Conflicts between Russia and Ukraine are still boiling and global markets have been weighed down by uncertainties surrounding the crisis. The turmoil had a significant global economic impact, with stock markets and currencies plummeting, gold prices rising and crude oil prices hitting their highest level since 2014. And rising oil prices crude has thrown the Indian economy into disarray since the surge in crude prices. have a negative impact on inflation and the current account deficit (CAD).

However, according to the Bank of Baroda Economics Research report published on February 25, 2022, there will be no direct impact of the Russian-Ukrainian crisis on India in terms of bilateral trade, but the surge in the price of oil following the crisis poses considerable problems. risks for the Indian economy. Rising oil prices pose risks to external stability and currency fluctuations.
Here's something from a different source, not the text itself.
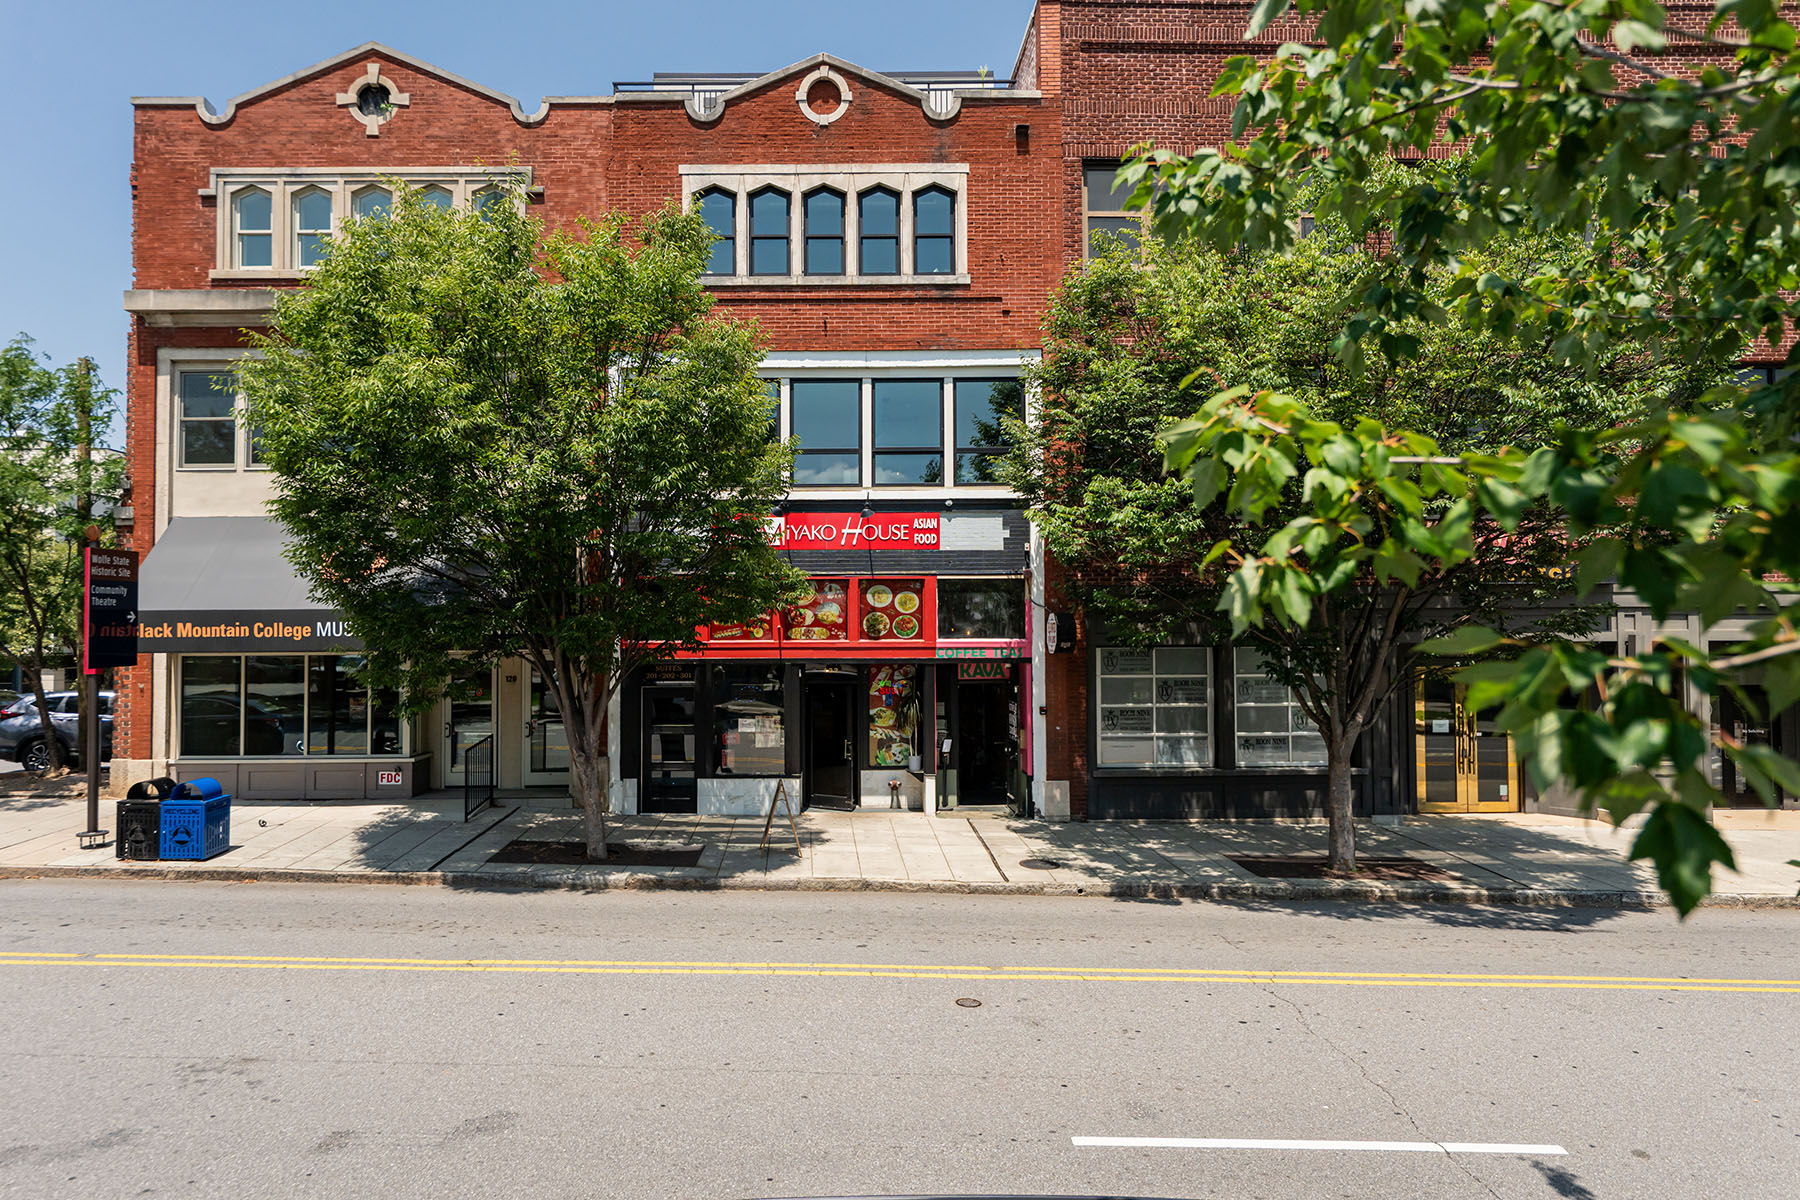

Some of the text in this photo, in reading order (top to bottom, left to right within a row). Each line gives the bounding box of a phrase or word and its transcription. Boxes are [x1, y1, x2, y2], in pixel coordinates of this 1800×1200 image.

The report also states that “the economic impact of the Russian-Ukrainian crisis will likely be through higher oil prices. Given that India is a large consumer of oil, much of which is imported, the impact of the rise in oil prices is likely to be visible not only on the trade deficit and the currency, but will also have an impact on inflation and the budgetary situation.It should be noted that the Union budget and the The RBI’s monetary policy announcement came well before this crisis and did not factor in the impact of the crude price shock, so RBI took a conservative crude price estimate of ~US$75/bbl , which will probably be a challenge in the future.”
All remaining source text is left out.